B of course exists before A. but the code logic is not that. code below is really rare in drm world.
create_B()
{
	init B members
	return create_A()
}
So usually B have more work to do after it initialize A.
then code should like below
create_B()
{
	init B base members
	create_A()
	init B extended members
}


For release part.
release B extended member
release A
release B base member

a good design should not have the so-called extended and base members existing in the release process.
Now have a look at the drm core code.
it expects driver to do release process like below.
release B
cleanup work of A

as long as the cleanup work of A exists, we can not do a pure release of B.

So if you want to follow the ruls of kref, you have to rework the drm core code first. only after that, we can do a pure release of B.

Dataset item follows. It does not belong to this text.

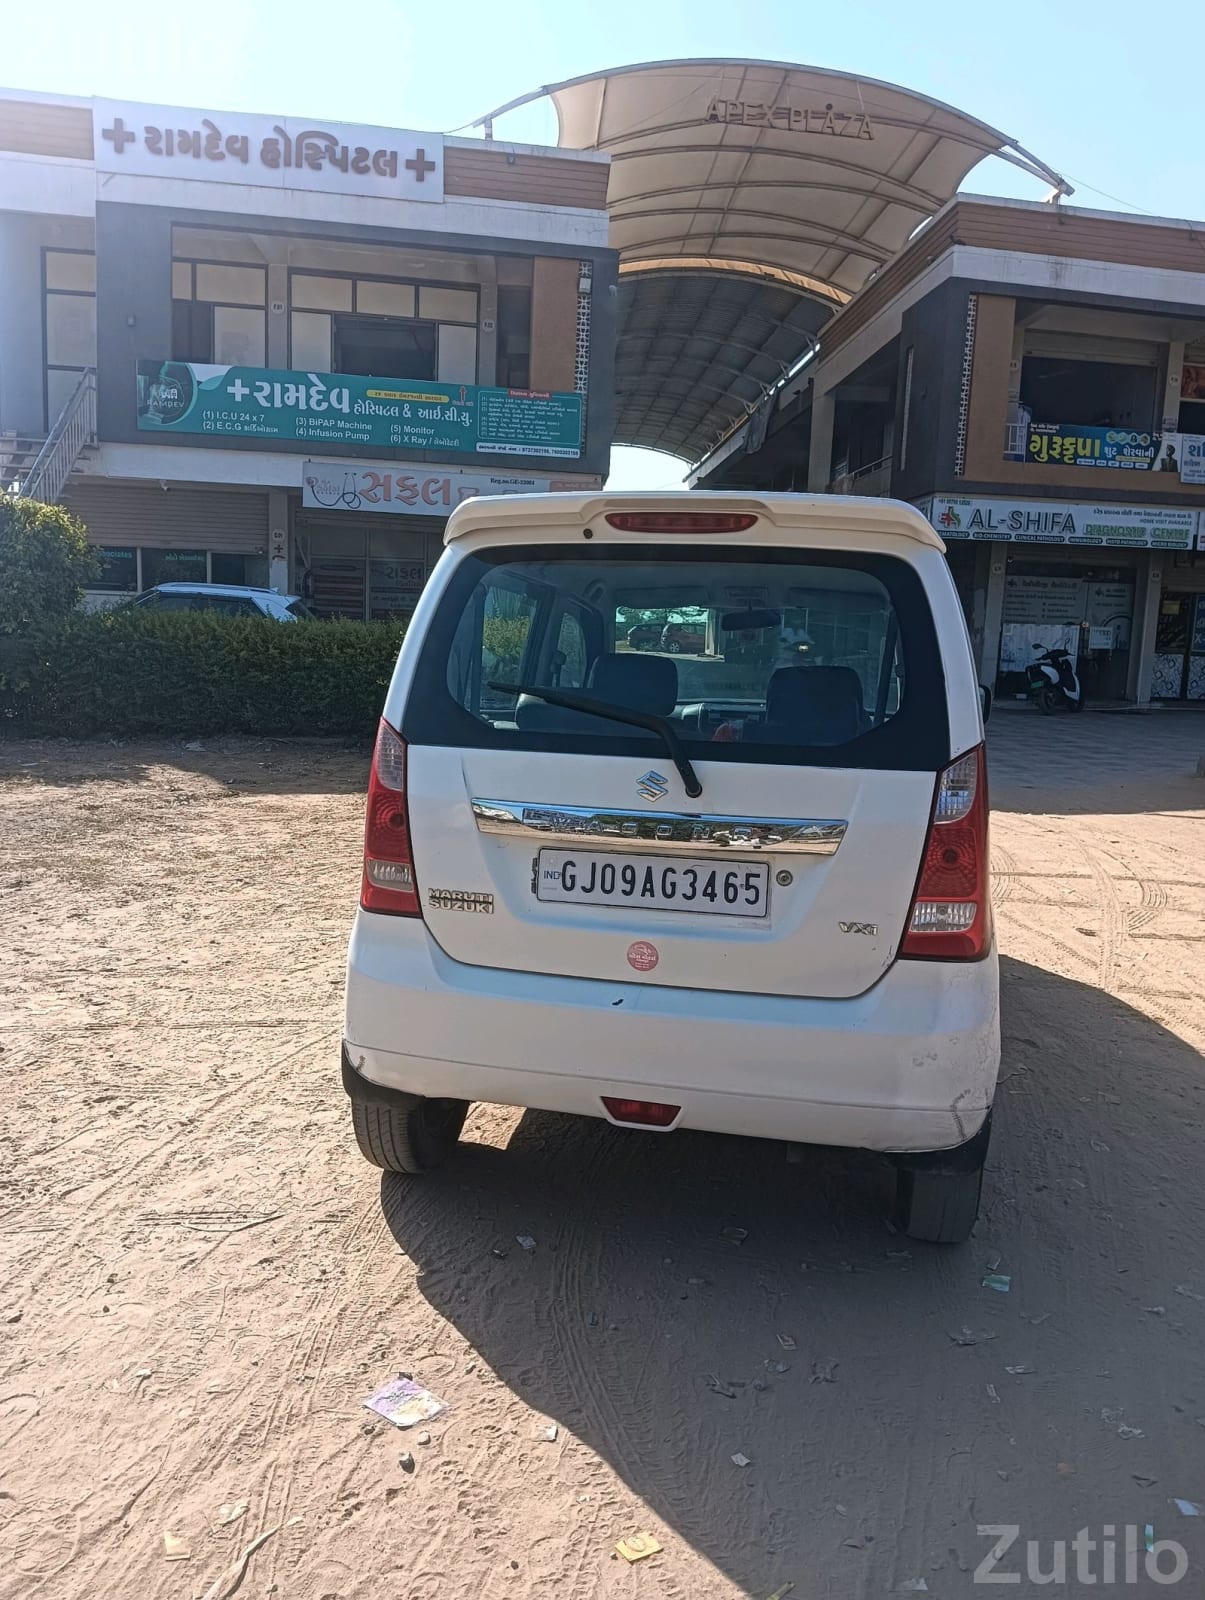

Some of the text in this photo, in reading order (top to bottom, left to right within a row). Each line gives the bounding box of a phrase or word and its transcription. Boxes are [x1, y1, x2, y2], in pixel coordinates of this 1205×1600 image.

What I am confused is that, kfer sits in drm dev. why adev must be destroyed too when drm dev is going to be destroyed.
adev is not equal to drm dev.
I think struct below is more fit for the logic.
struct adev {
	struct drm * ddev_p = &adev.ddev
	struct type *odev_p  = &adev.odev
	struct drm ddev
	struct type odev
}

> "undone" first, since the DRM layer may finish with a device, but
> the device may still exists with the driver and as well as with PCI.
> This is very VERY common, with kernels, devices, device abstractions,
> device layers: DRM dev <-- amdgpu dev <-- PCI dev.
> 
>> But yes, practice is more complex. 
>> if B has nothing to be destroyed. we can destory A directly, otherwise destroy B firstly.
> 
> I'm sorry, that doesn't make sense. There is no such thing as "destroy directly"
> and "otherwise"--this is absolutely not how this works.
> 
> A good architecture doesn't have if-then-else--it's just a pure single-branch path.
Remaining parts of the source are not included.